- MATERIAL PROVIDED -
___

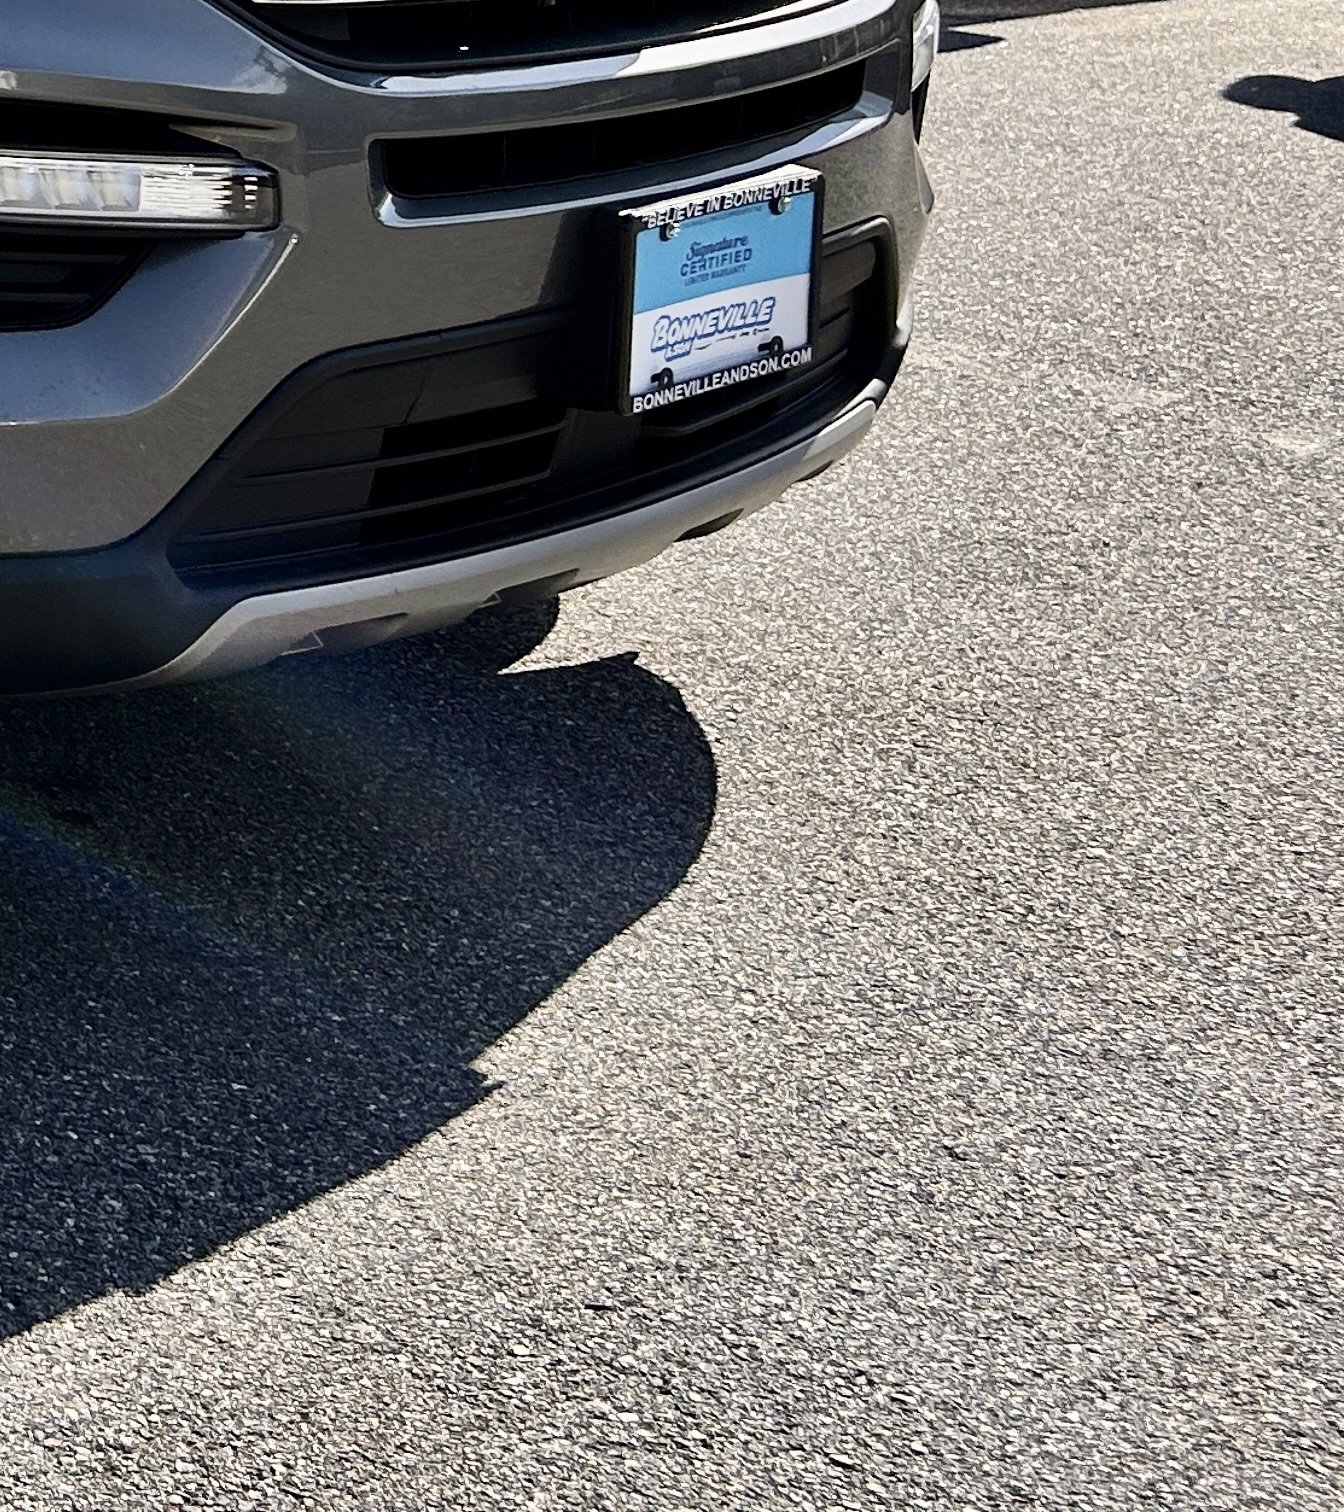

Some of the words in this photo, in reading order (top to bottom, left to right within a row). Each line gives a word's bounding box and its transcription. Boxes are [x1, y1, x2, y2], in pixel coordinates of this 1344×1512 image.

[706, 197, 721, 213] IN
[680, 248, 753, 277] CERTIFIED
[685, 234, 749, 262] Signature
[650, 296, 776, 353] BONNEVILLE
[633, 347, 813, 413] BONNEVILLEANDSON.COM
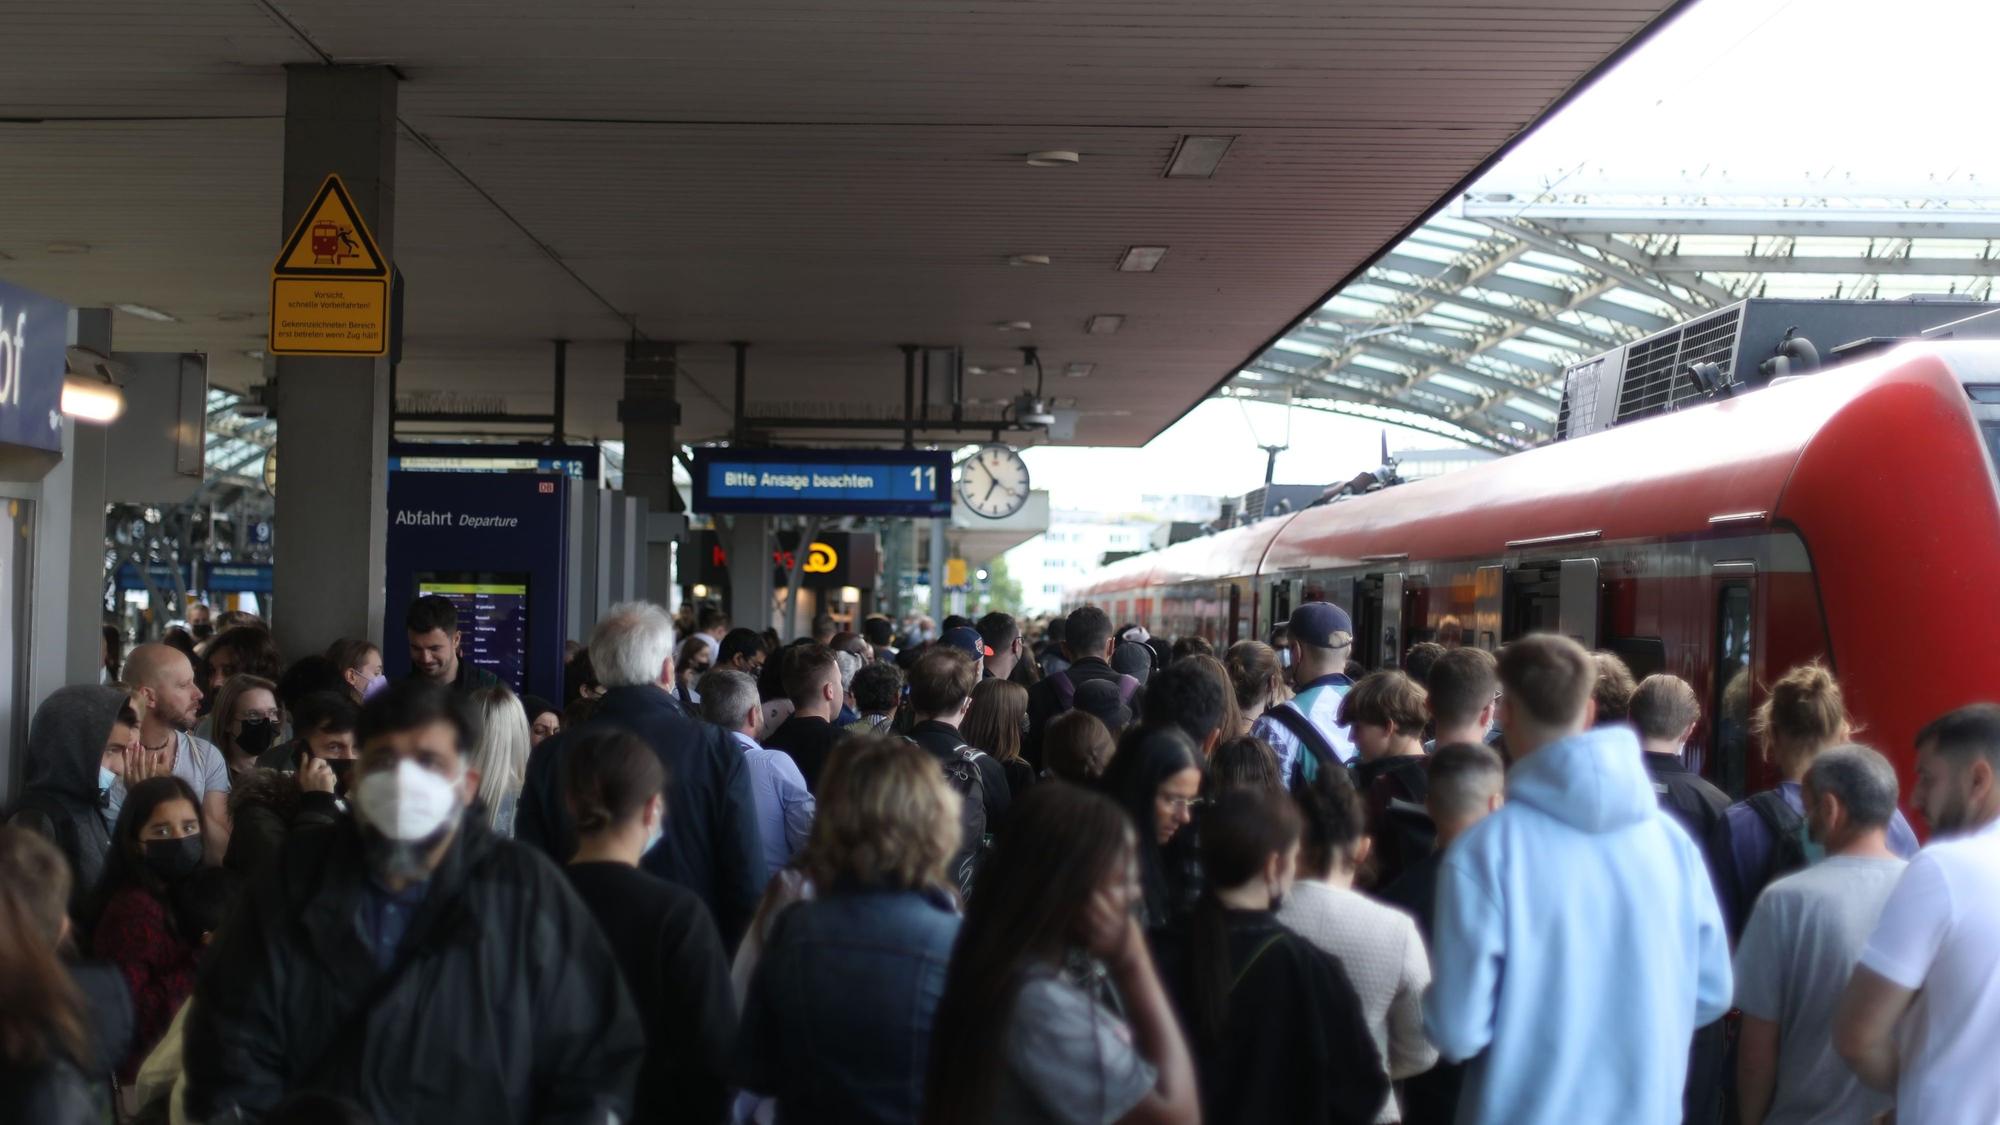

___

- REQUIRED ACTION -
Set every record down again verbatim, without pictures.

- TASK ANSWER -
Some of the words in this photo, in reading order (top to bottom, left to right within a row). Each line gives a word's bounding box and its transcription. Boxes are [x1, y1, x2, y2], in pixel coordinates of this 1344×1512 image.

[706, 197, 721, 213] IN
[680, 248, 753, 277] CERTIFIED
[685, 234, 749, 262] Signature
[650, 296, 776, 353] BONNEVILLE
[633, 347, 813, 413] BONNEVILLEANDSON.COM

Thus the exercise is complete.